Mama Mio’s Head of Brand, Natalie Cowley, also said she was “particularly shocked” that only 2% of people would offer a seat to a woman in her first trimester, considering many suffer from severe symptoms during this time, including sickness and fatigue.

The NHS concurs, stating that, for most women, nausea (morning sickness) can be at its worst in the first trimester – alongside tiredness – and starts to improve by the time they're around 14 weeks pregnant. And as Mama Mio points out, having to use public transport at any stage of pregnancy can be an uncomfortable, cramped and tiring experience: growing a tiny human is exhausting enough without having to worry about your journey on the tube.

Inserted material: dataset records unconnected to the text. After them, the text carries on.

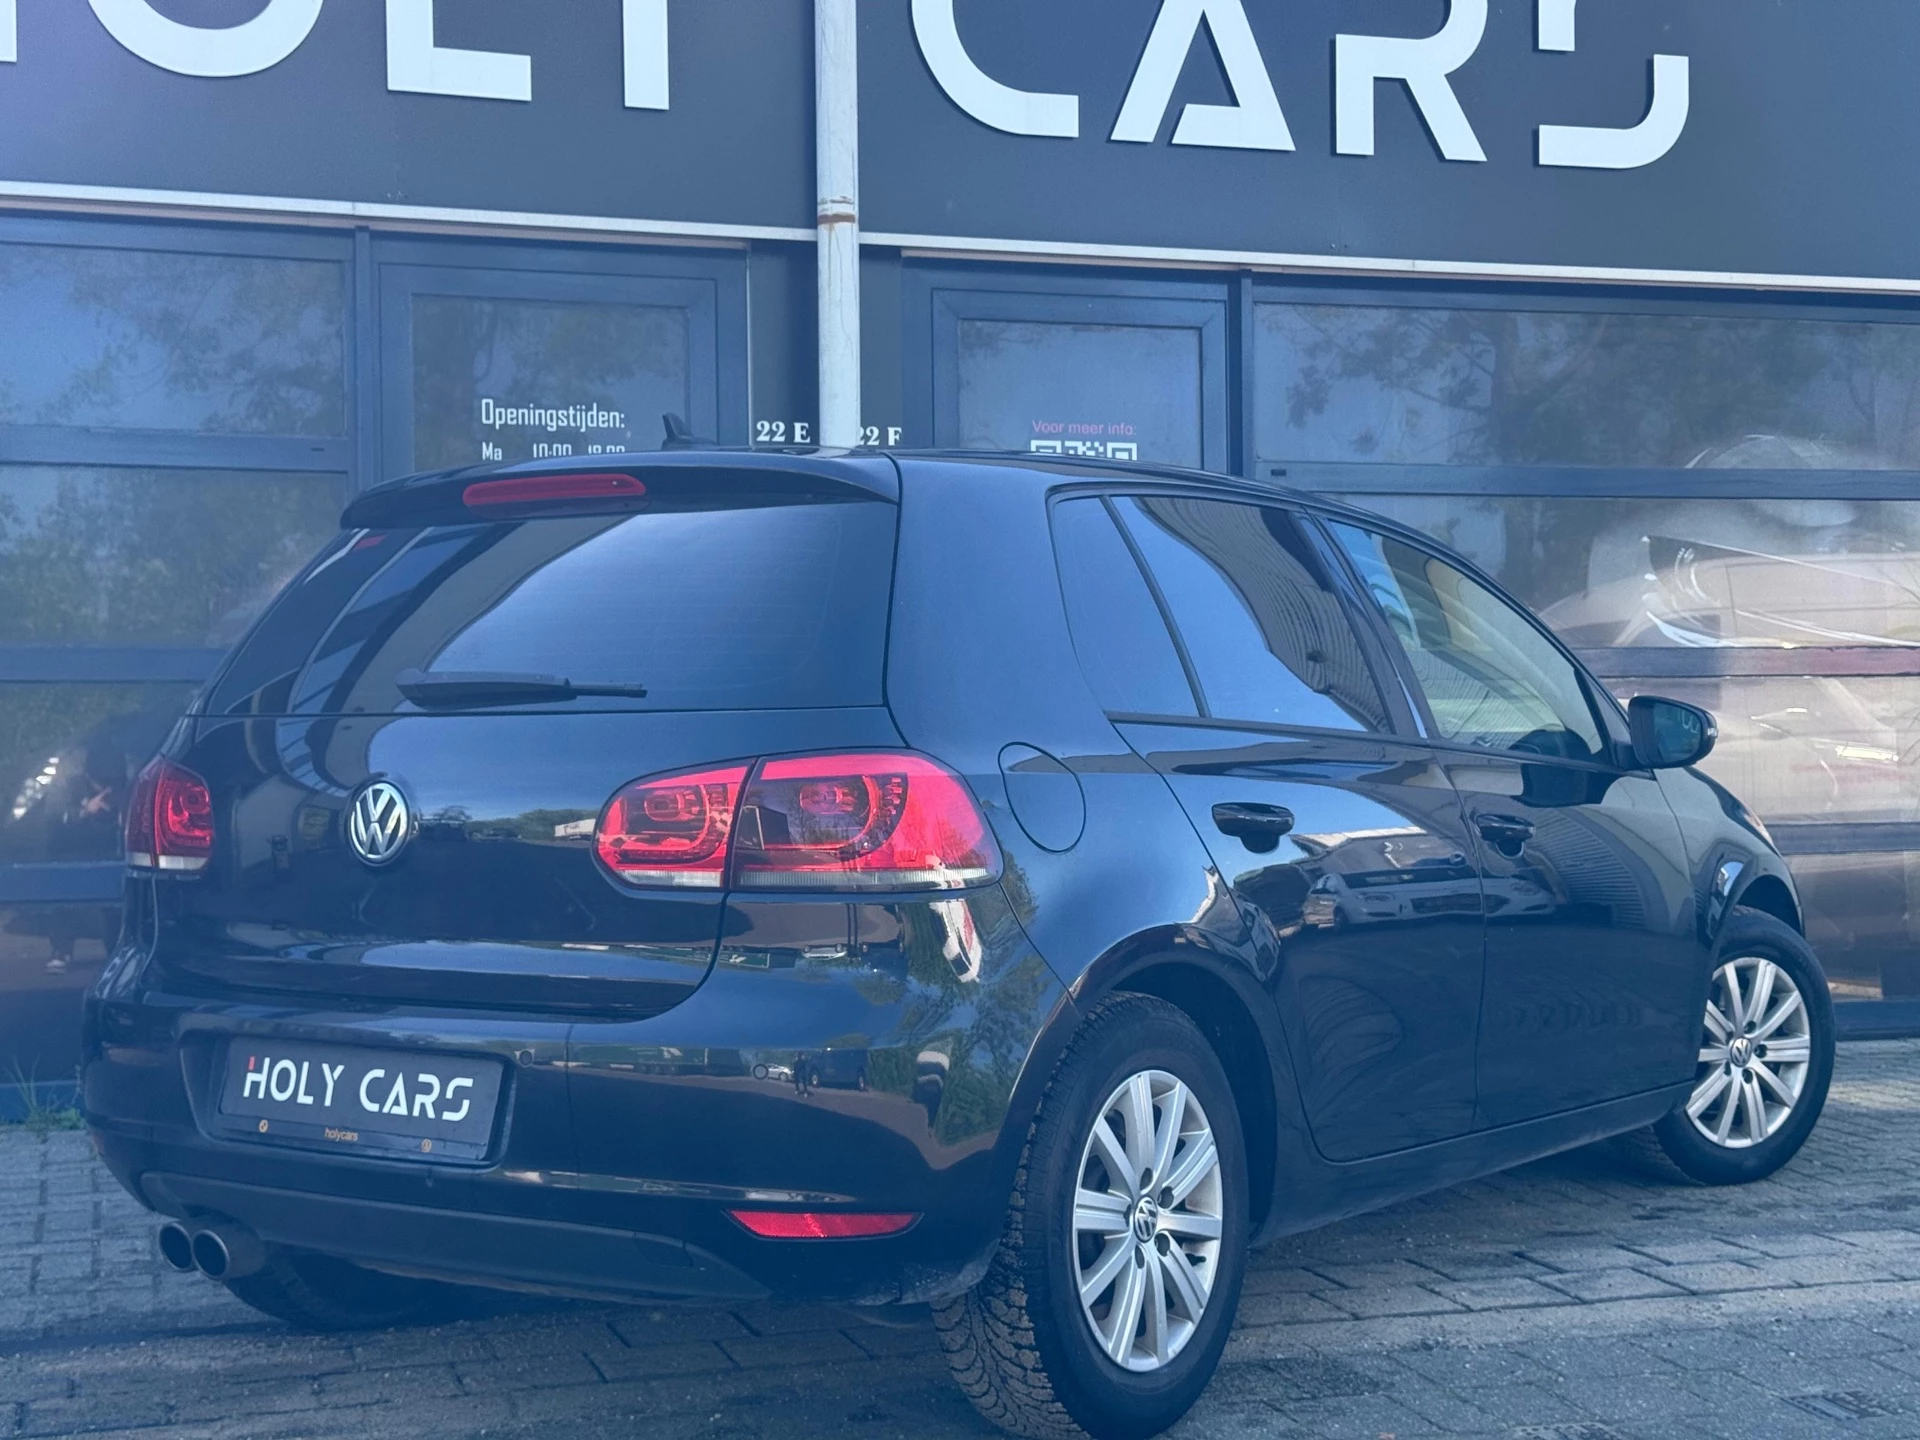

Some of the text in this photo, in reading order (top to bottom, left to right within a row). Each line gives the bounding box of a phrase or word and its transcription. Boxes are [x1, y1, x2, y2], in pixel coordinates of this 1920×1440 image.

[481, 398, 625, 432] Openingstijden:
[756, 420, 811, 443] 22 E
[887, 427, 902, 446] F
[1032, 420, 1136, 436] Voor meer info:
[481, 441, 502, 461] Ma
[243, 1055, 474, 1122] HOLY CARS
[324, 1127, 359, 1142] holycars

Mama Mio is hoping its #ExpectingChange campaign will raise awareness on behalf of pregnant women – inspiring Brits to have more consideration for fellow commuters and empowering pregnant women to have the courage to ask for a seat, should they want one. The brand is giving out free ‘I’m Expecting’ pregnancy badges with every online order to help women in every stage of pregnancy get a seat, whenever they need it.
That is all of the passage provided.